There were three ways. Firstly, you could do the calculations by hand. People actually became pretty adept at this, and were remarkably good at doing complicated sums in their head, but in general, as you might expect, this method was slow and somewhat error prone.

The second way was to use a mechanical adding machine. These included devices such as the pin-wheel machine or the comptometer. However, these machines were expensive and required special training to use them.

The third way was to use a non-mechanical aid. You might already know about slide rules and log tables, which were quick to use but not very accurate (maybe 4 decimal places), and in any case weren’t good at dealing with non-decimal numbers. You had to convert your calculation to the decimal form, then do the calculation and then convert back.

The most popular solution was the Ready Reckoner.

Ready Reckoner

Basically, it’s 851 pages of tables.

Ready Reckoner

Each pair of pages is for one monetary value – 19 shillings and 9 pence, say, or 2 shillings four pence ha’penny – and contains all the multiples for that amount, going up to 10,000 in steps of varying size. So if you wanted to know what 187 lots of 1 shilling, 5¾ pence added up to, you simply turned to the page for 1s. 5¾d. and read off the value for 187. The book tells me it’s 13 pounds, 16 shillings and 7¼ pence, and it took me about 5 seconds to do it.

Ready ReckonerReady Reckoner

Several manufacturers published Ready Reckoners. This particular volume is entitled “The National Ready Reckoner”, and was published by Collins; from research, I think this might be the 1904 edition, but there’s no publication date in the book itself.

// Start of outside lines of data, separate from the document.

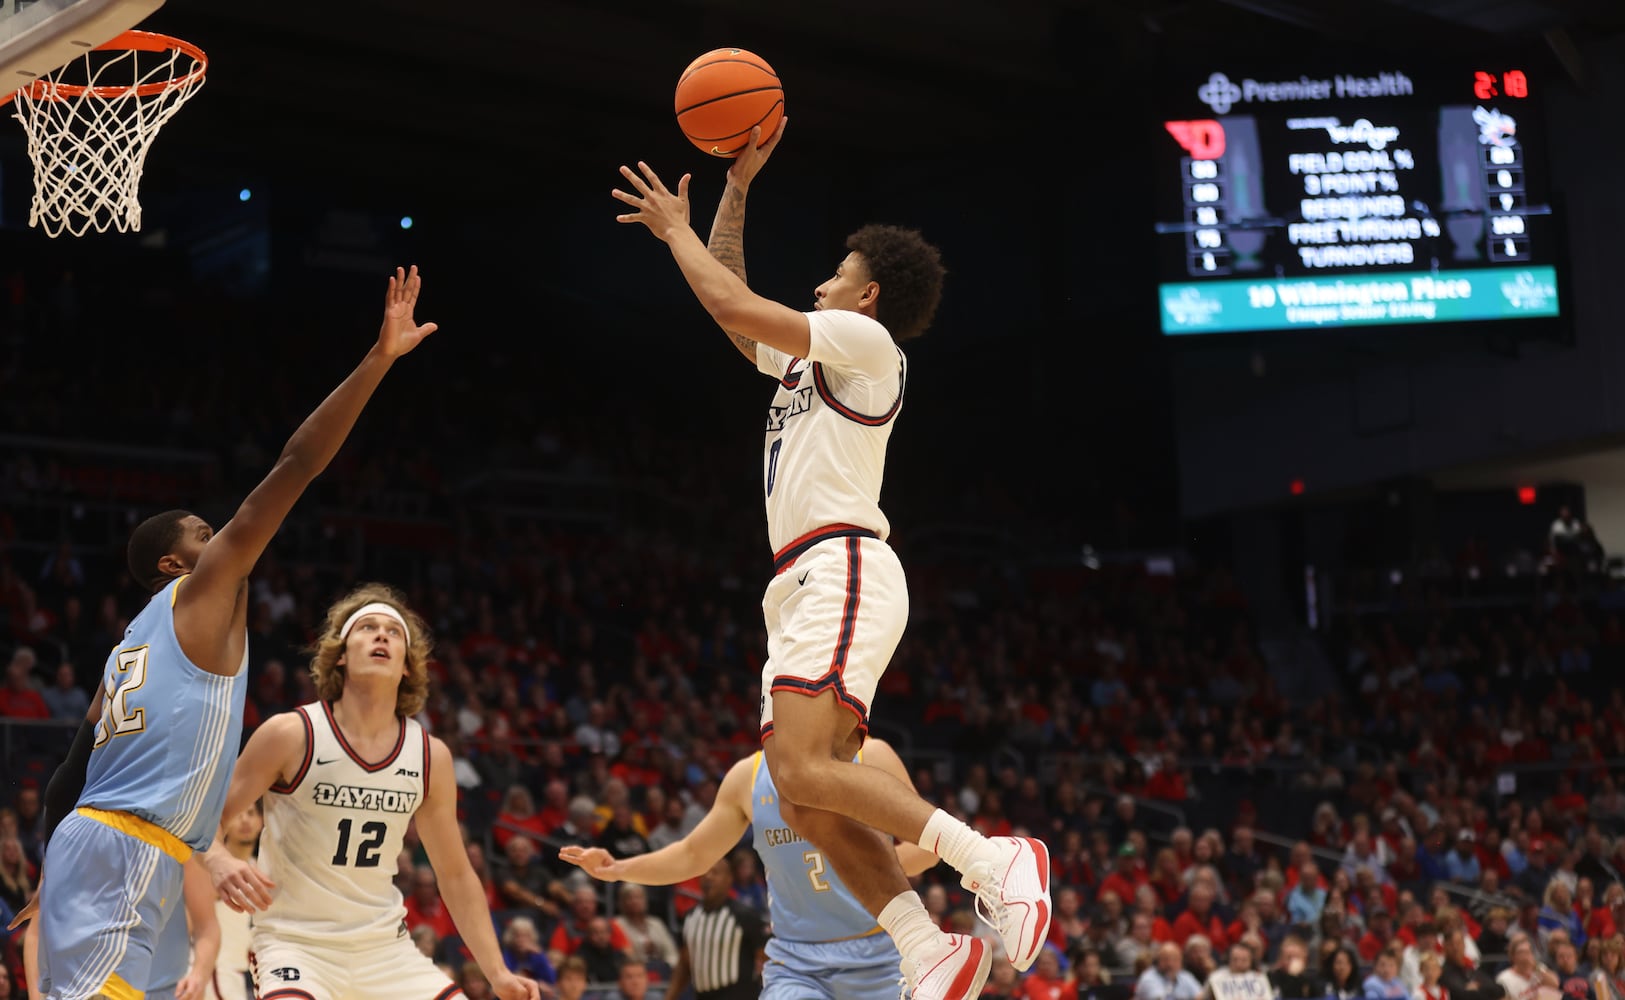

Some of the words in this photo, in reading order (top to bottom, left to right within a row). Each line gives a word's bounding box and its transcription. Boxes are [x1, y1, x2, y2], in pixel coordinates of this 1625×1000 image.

[1242, 76, 1331, 102] Premier
[1334, 71, 1413, 98] Health
[1289, 152, 1343, 174] FIELD
[1343, 151, 1395, 172] GOAL
[1304, 174, 1321, 195] 3
[1321, 172, 1377, 194] POINT
[1301, 195, 1405, 221] REBOUNDS
[1288, 221, 1339, 245] FREE
[1338, 218, 1421, 242] THROWS
[1298, 242, 1414, 268] TURNOVERS
[1247, 284, 1276, 309] 10
[1277, 280, 1408, 307] Wilmington
[1411, 276, 1472, 301] Place
[313, 783, 417, 813] DAYTON
[332, 819, 387, 867] 12
[765, 827, 808, 847] CEDA
[803, 851, 830, 893] 2
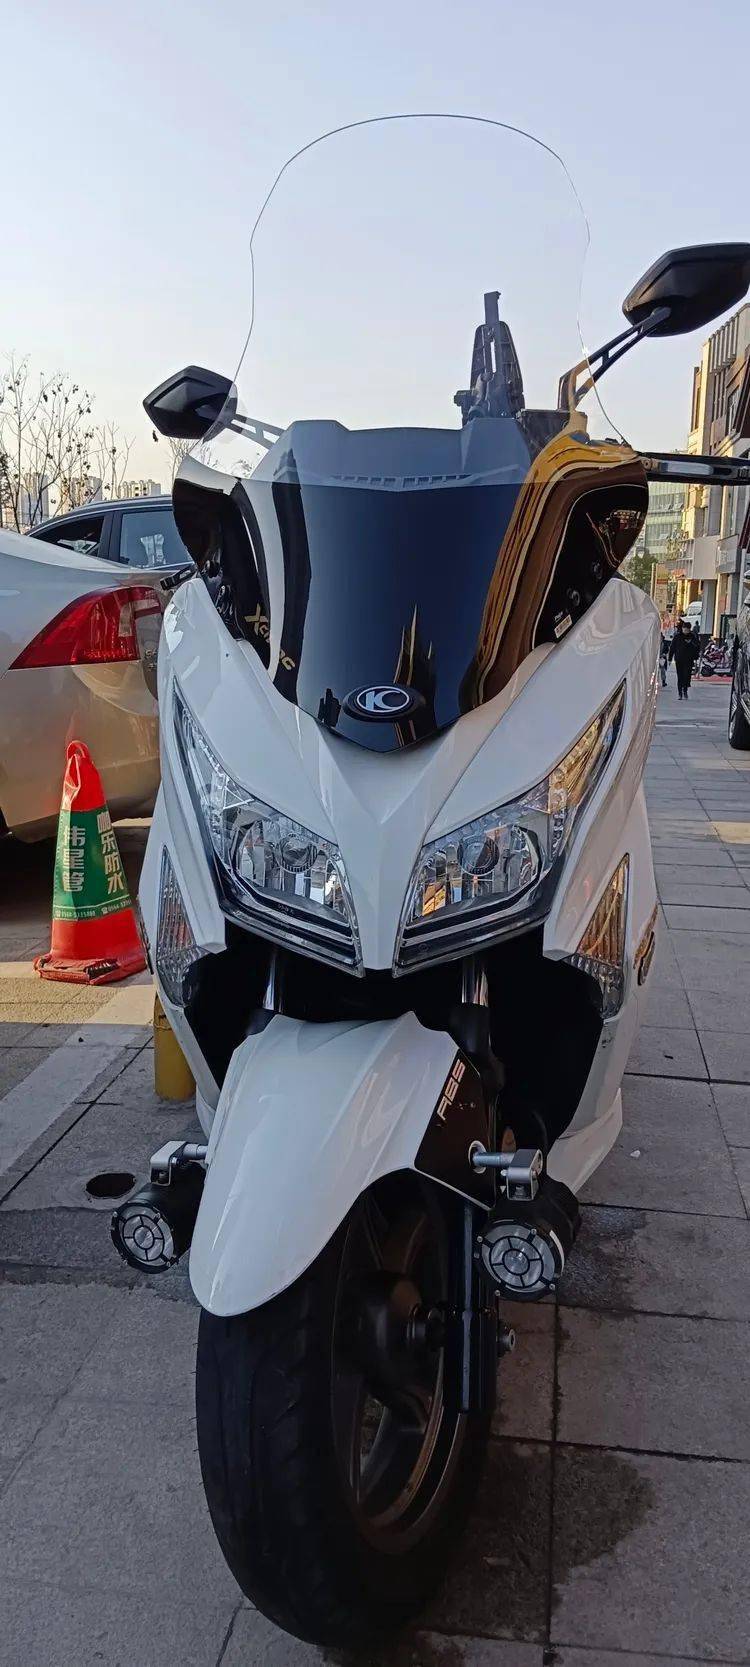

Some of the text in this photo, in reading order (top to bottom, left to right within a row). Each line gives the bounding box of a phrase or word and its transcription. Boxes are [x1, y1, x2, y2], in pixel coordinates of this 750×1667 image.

The ready reckoner had a number of advantages over the other solutions. It was much cheaper, for one thing. It couldn’t break. It didn’t need an expert to operate it. It was actually faster to use than the mechanical adding machine, and it handled non-decimals “natively”. Of course, it couldn’t do anything else. All this was in the days before software: most aids couldn’t be repurposed to do anything else. For British currency, the Ready Reckoner was the best solution, but if you wanted to do calculations on the US dollar, or the Mauritanian ouguiya, or if you wanted to do multiply up some imperial weights, you were stuck.